Best Books for Social Scientists on Bayesian Analysis
I do a little Bayesian work as it makes sense in my research (okay, always) and, since Bayesian work is in vogue, I sometimes get asked what Bayesian books I would recommend. I haven't come close to reading them all, but these are my three recommendations for social scientists who have taken coursework though maximum likelihood estimation. All three books use R and BUGS, the standard software for Bayesian work.
- Jeff Gill's Bayesian Methods. Jeff's book is fantastic. It is one of the few advanced and thorough statistics books that is fun to read. He goes into detail on philosophical issues, gives lots of pedagogical examples, and discusses computational issues. He gives a lot of pedagogical R code. Start here.
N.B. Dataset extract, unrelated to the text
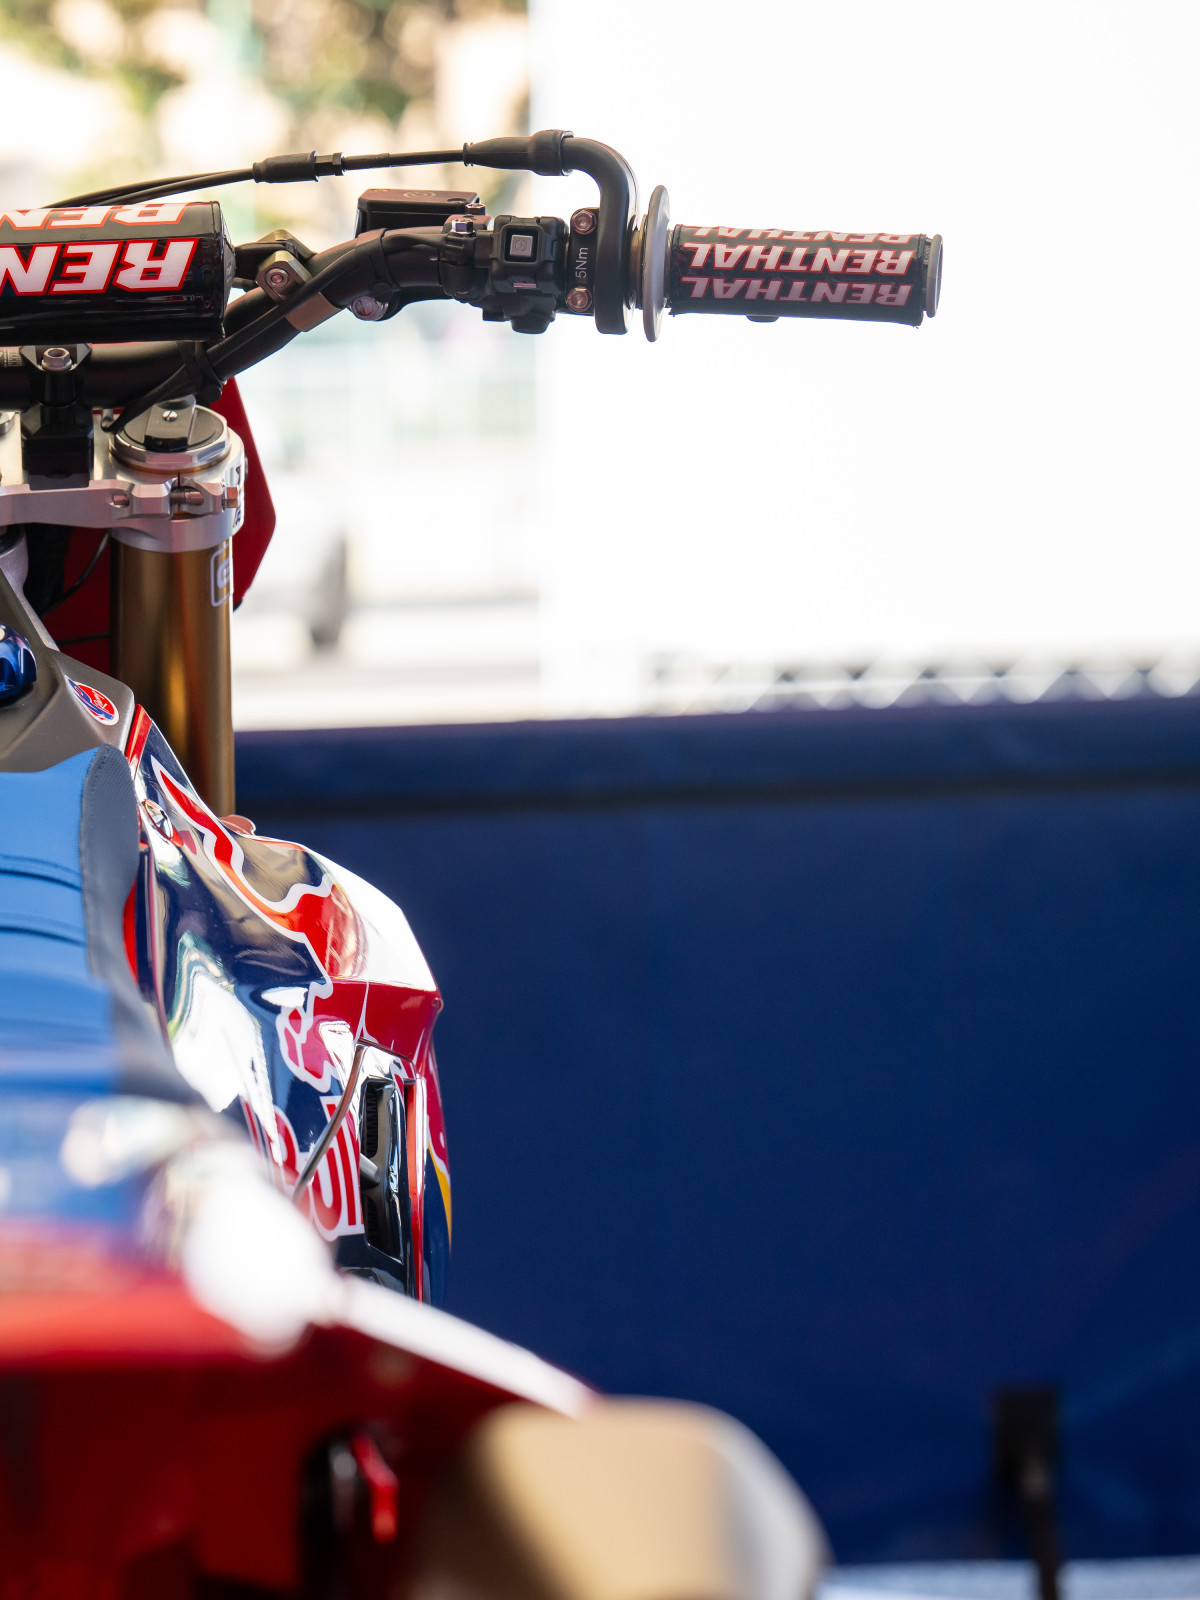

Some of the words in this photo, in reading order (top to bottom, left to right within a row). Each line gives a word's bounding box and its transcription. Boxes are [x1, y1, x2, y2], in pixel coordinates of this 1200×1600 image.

[575, 247, 588, 278] 5Nm
[681, 242, 914, 276] RENTHAL
[681, 276, 913, 306] RENTHAL
- Andrew Gelman and Jennifer Hill's Data Analysis Using Regression and Multilevel/Hierarchical Models. This book is more implicitly Bayesian and the most applied, but provides a lot of real examples and plenty of R code to estimate models, perform simulations, and create nice graphs. They also discuss BUGS and provide code for many different models.
- Simon Jackman's Bayesian Analysis for the Social Sciences. This book discusses computation in detail and provides lots of real examples with plenty of code and explanation. It introduces a wide range of libraries useful for Bayesian work in R and illustrates their use on real political science data sets. This book is an indispensable reference for many problems, though too dense to read cover to cover.
These are my favorite books on Bayesian analysis. If you feel I've left something out, feel free to add it in the comments.